The Malkas also ask the Court to preclude the Government from using the term "victims" to describe the Minors. (MM 2nd MIL at 133–48; MM Reply at 295–308.) The Government opposes this request on the basis that (1) it has a "good faith basis for arguing that the Minors were victims of the defendants’ criminal conduct"; (2) use of the word "victims" particularly in opening and closing arguments is fair argument and any prejudice would be cured by the Court's standard jury instruction that lawyers’ arguments are not evidence; and (3) the term "victim" accurately reflects the Minors’ status under the Crime Victims’ Rights Act, 18 U.S.C. § 3771(e)(2)(A), which defines a "crime victim" as a person directly and proximately harmed as a result of the commission of a Federal offense." (Gov't Resp. in Opp'n at 17–19.)

The Court agrees with the Government and declines to preclude the use of the term "victim." See, e.g. , United States v. Gasperini , No. 16-CR-441 (NGG), 2017 WL 3140366, at *7 (E.D.N.Y. July 21, 2017), aff'd , 729 F. App'x 112 (2d Cir. 2018) (rejecting defendant's request to exclude terms "victim" and "victimized" based on merits of his case because the "Government is within its rights to take and advocate for a different view of the evidence" and the court did not "view the use of the challenged terms as unduly prejudicial in light of the issues being tried").

G. Mentioning, Raising, and/or Discussing the Sexual Charges or Marital Practices in Lev Tahor

The Malkas next seek to preclude the Government from mentioning, raising, and/or discussing the sexual charges—presumably those of which Nachman and Mayer were convicted—or marital practices in Lev Tahor. (MM Reply at 309–15.) As the Court already ruled above, insofar as the testimony from Minor-1, the Mother, and CC-1 relates to marriage involving individuals under the age of sixteen, and their intended purpose—procreation, the Court will allow the Government to present it to the jury because it constitutes direct evidence of the charged crimes. However, to the extent the Government's evidence relates to Lev Tahor's sexual practices (such as providing "[n]ew brides and grooms ... a tutorial before marriage instructing them on when and how to have sex with their spouse" (S3 ¶7), among others), the Court agrees with the Malkas that the probative value of such evidence is substantially outweigh by unfair prejudice—particularly, in view that evidence indicating that procreation was the purpose of the alleged marriage here is admissible.

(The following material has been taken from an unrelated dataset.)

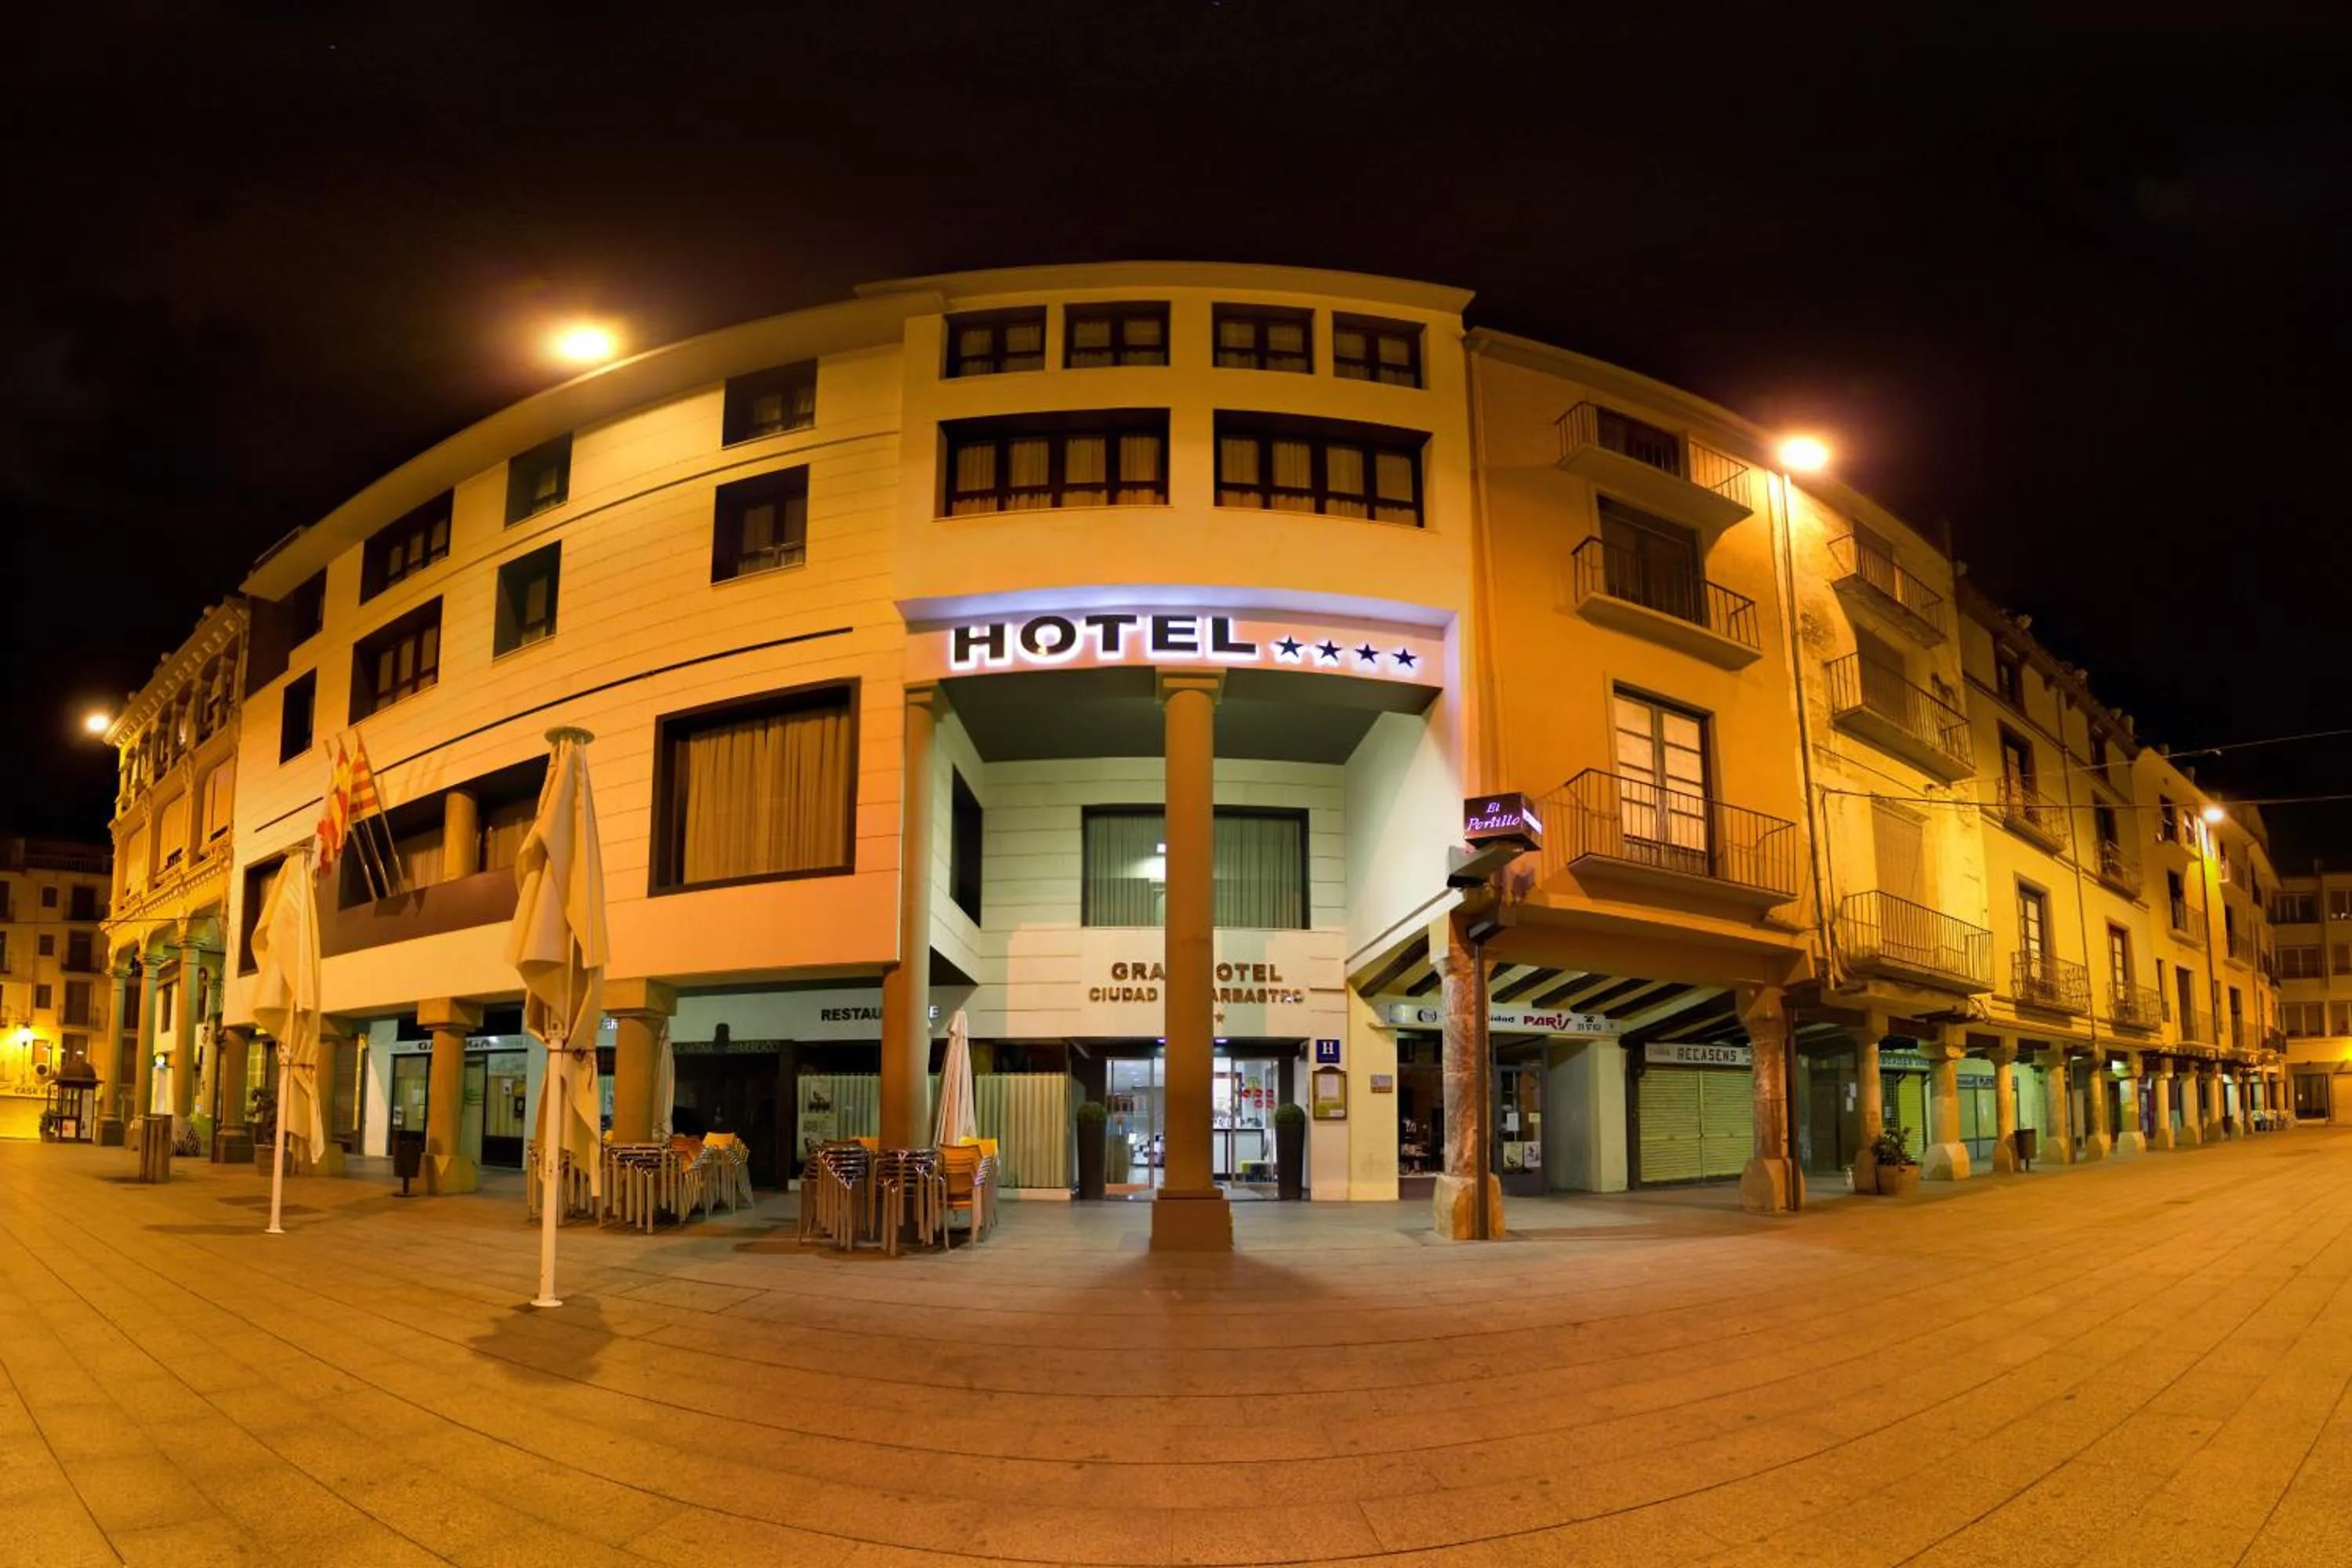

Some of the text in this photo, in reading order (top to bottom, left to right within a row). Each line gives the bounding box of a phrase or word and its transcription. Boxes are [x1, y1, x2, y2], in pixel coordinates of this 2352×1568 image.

Accordingly, the Government's evidence of uncharged wrongs or bad acts within the Lev Tahor community must be limited to evidence directly related to community's rules and practices relating to arranged marriages, for the purpose of procreation, involving children under the age of sixteen. And again, to the extent the Government intends to introduce any 404(b) evidence that is not squarely within the above approved evidence above, the Government must demonstrate that evidence's relevance at trial, and that it is more probative than prejudicial.

H. Labeling or Defining the Marriages in Lev Tahor as "Forced" Marriages or and any other Similar Labels/Definitions

The Malks next ask the Court to preclude the Government from labeling or describing underage marriages in Lev Tahor, including the alleged marriage between Jacob and Minor-1, as "forced" marriages or any other similar labels or definitions. (MM Reply at 315–17.) The Court agrees with the Malkas.

Once again, insofar as the testimony from Minor-1, the Mother, and CC-1 relates to marriage involving individuals under the age of sixteen, and their intended purpose—procreation, the Court will allow the Government to present it to the jury because it constitutes direct evidence of the charged crimes. However, the Court is of the view that describing underage marriages as "forced" is unduly prejudicial because there is a risk of implying that such marriages were celebrated against someone's will (i.e. , the parents or the minors themselves) under some kind of threat. At best, the Government could refer to such marriages as "arranged underage marriages" whenever they elicit testimony from Minor-1, the Mother, and CC-1 that relates to the same.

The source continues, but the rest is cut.